The Virginia Army National Guard is composed of approximately 7000 soldiers and maintains 46 armories in communities throughout Virginia.

The Governor may call individuals or units of the Virginia National Guard into state service during emergencies or to assist in special situations which lend themselves to use of the National Guard. The state mission assigned to the National Guard is:

Virginia Army National Guard units are trained and equipped as part of the United States Army.  The same enlisted ranks and officer ranks and insignia are used and National Guardsmen are eligible to receive all United States military awards. The Virginia Guard also bestows a number of state awards for local services rendered in or to the commonwealth of Virginia.

History
The Virginia Army National Guard is the oldest and the official start of the Army National Guard. The Militia Act of 1903 organized the various state militias into the present National Guard system.

British Colonial Militia

When the first English colonists arrived in America they brought with them an existing militia system developed over centuries.

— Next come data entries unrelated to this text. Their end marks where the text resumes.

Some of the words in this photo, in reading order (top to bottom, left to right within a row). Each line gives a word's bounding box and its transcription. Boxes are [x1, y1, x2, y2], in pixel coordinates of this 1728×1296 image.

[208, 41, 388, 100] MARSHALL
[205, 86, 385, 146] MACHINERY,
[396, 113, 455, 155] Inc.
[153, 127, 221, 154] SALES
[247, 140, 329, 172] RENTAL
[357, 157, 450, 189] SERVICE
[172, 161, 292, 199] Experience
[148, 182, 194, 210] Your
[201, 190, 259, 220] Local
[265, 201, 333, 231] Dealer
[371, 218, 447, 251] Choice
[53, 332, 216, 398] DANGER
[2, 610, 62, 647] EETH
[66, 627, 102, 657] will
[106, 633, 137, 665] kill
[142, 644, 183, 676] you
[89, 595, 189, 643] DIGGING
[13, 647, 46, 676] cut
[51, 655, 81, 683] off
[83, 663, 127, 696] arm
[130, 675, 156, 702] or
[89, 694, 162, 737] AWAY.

Britain, being an island nation, never had a need to have large standing armies like the countries of mainland Europe. The only threats had to come by sea and in the days of wind-powered ships there was always forewarning, such as during the Spanish Armada in 1588. To be prepared to meet impending threats all men within each county (which usually made up one or more regiments) were required to "muster" or "mobilize" a day or two each year so their names could be entered on the rolls and they could at least familiarize themselves with weapons, usually furnished by the government, stored in a common location called an "armory." The commanders of each of these regiments were the high-born men of the county, often lords of noble birth. The men were told they were expected to turn out when called for an emergency but in reality they were still civilian farmers or shop keepers and only part-time soldiers. Once the crisis passed they returned to their homes and trades. This was the system brought over from England. It was modified once the English arrived because there were constant threats for local natives and Spanish raiders. So part of the militia had to always be armed and in readiness in case of sudden attack.

Virginia State forces
The HHT/2-183rd Cavalry and the 276th Engineer Battalion are two of only nineteen Army National Guard units with campaign credit for the War of 1812.

Virginia State Militia

Virginia National Guard
During the 43 years of the Cold War, many changes occurred in the Virginia Guard, perhaps none more significant than the organization in 1946 of the 149th Fighter Squadron in Sandston, the Commonwealth's first Air National Guard unit. From this point forward when speaking of specific Virginia Guard service, either Army or Air, the following abbreviations will be used:

Virginia Army National Guard-VAARNG
Virginia Air National Guard-VAANG

While many of the pre-war units, such as the 116th Infantry and 111th Field Artillery, were reorganized in the VAARNG in the mid to late 1940s, new units were organized into the force to meet the new threats posed by the Soviets. The most obvious of these were the antiaircraft artillery (AAA) battalions created to defend Washington, D.C., and Hampton Roads from air attack. Initially armed with guns firing "flak" these were, in the mid-1950s, replaced by Nike missiles capable of destroying enemy aircraft before they could hit their targets. And the structure of the state force expanded beyond only combat arms to include specialized support units including military police, medical, transportation, engineers, signal, data processing and even a military history detachment.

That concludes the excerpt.